An album that starts promising, with upbeat drums, a guitar and Minimoog taking a fast start. However, it slows down quickly and the opening track Other Meetings becomes more repetitive in nature. Repetitiveness is the issue with this album altogether, all my notes on the first 4 tracks contain that word in one form or another. This is not necessarily bad, but in this case I find it annoying – an album of a well established artist, who works together with a great set of guest musicians (I don’t know all of them, but they certainly are skilled when listening to the album) should not be boring. The fact that I feel the second track Beta X consists of a number of parts that seem to be glued together in a somewhat incoherent way doesn’t help either – but with the band being categorised as avant garde it may be that I miss the point myself.

This feeling remains throughout the first four tracks, although once you get the hang of it, it is pretty clear that the fourth track, Interrail, is an expression in sound of a railroad trip with a few stop overs.

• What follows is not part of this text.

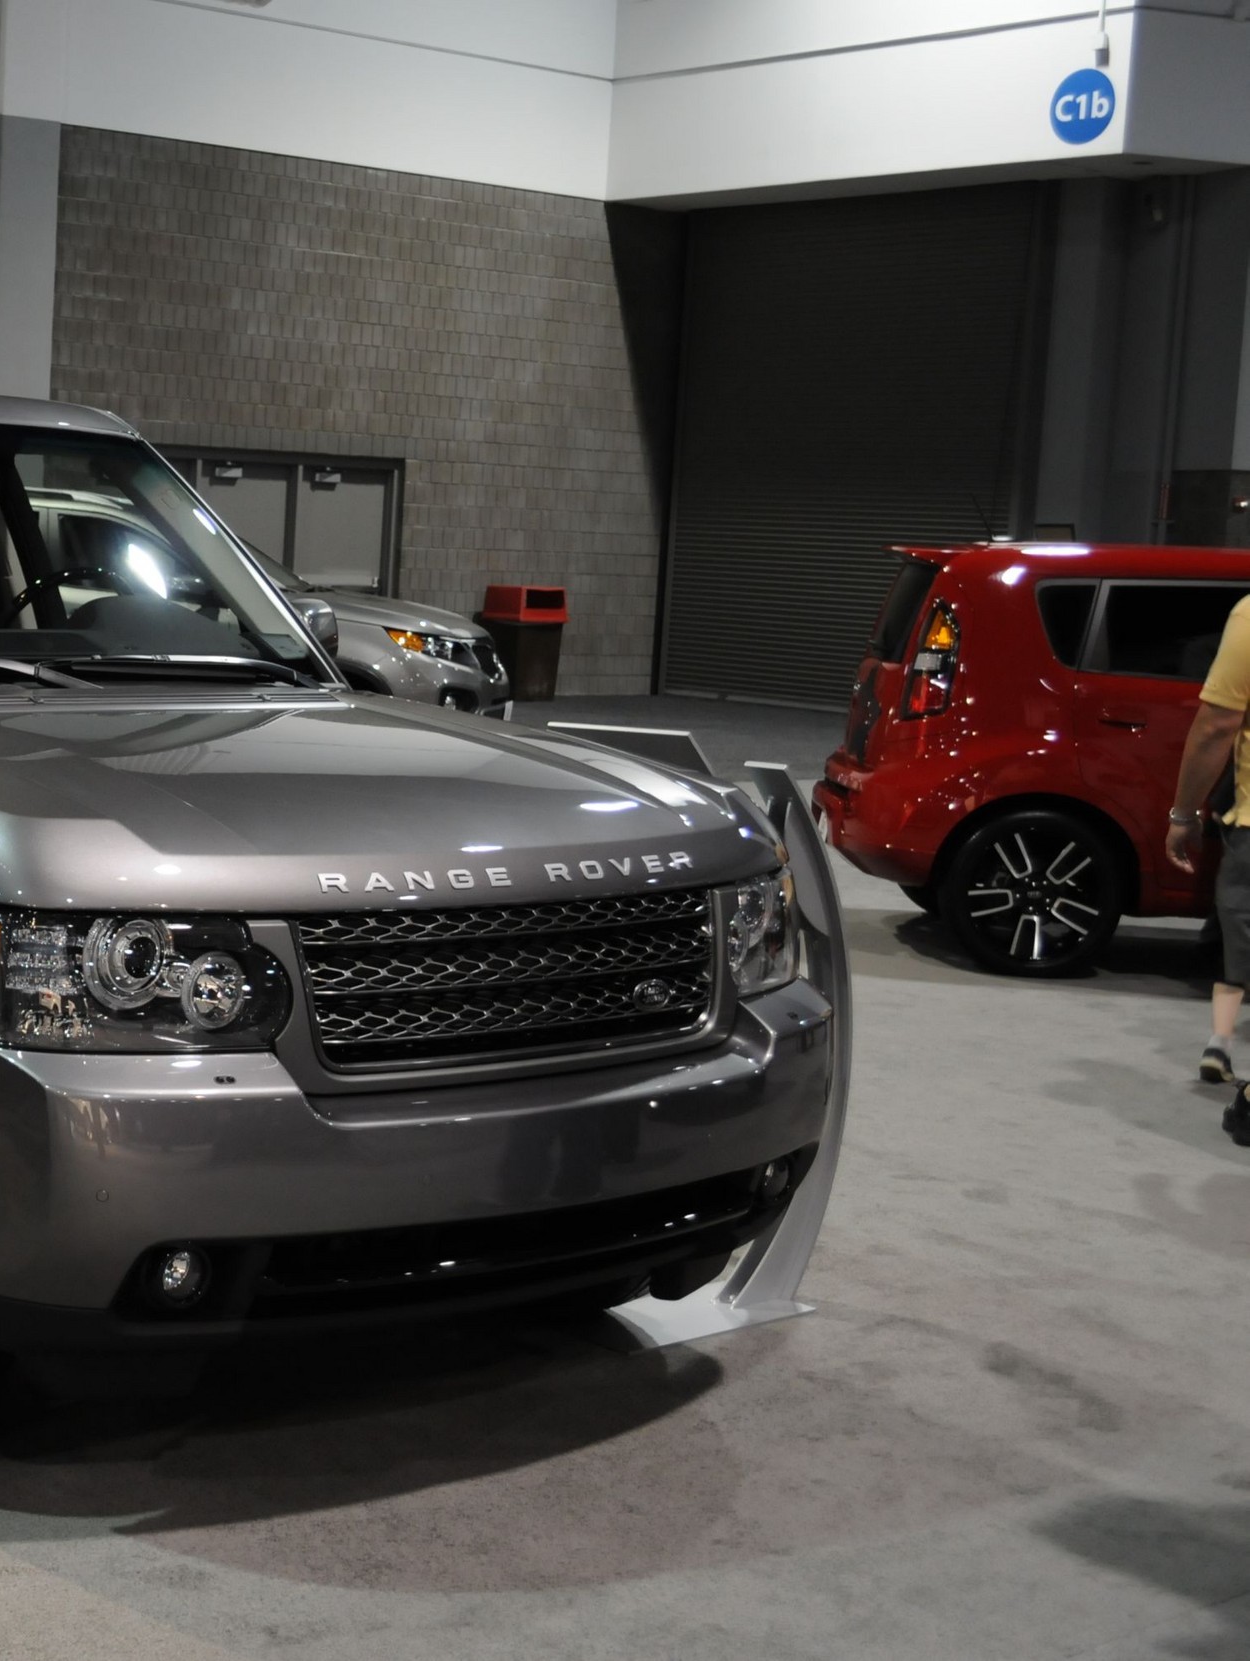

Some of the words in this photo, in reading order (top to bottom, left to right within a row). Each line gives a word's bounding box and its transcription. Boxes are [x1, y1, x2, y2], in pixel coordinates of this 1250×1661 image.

[1055, 90, 1110, 122] C1b
[317, 866, 512, 894] RANGE
[543, 850, 693, 884] ROVER

On the sweet, soprano sax oriented Laura’s Lullaby the music comes closer to jazz instead of avantgarde prog, and more likeable to me. That continues in Für Louise, although the low, somewhat droning sound of the first 2 minutes might have been shorter. After this intro a jazzy, somewhat fun piece of, again jazzy, music with a lead role for the saxophone and Minimoog again.

Closing track Autumn River is an acquired taste, like the first 4 tracks. It consists of electric guitar and Ebowed guitar loops and doesn’t do much for me.

All in all, not an album that I will play a lot, but one that might be appealing to fans of avant garde music and more specifically Taylor’s Universe.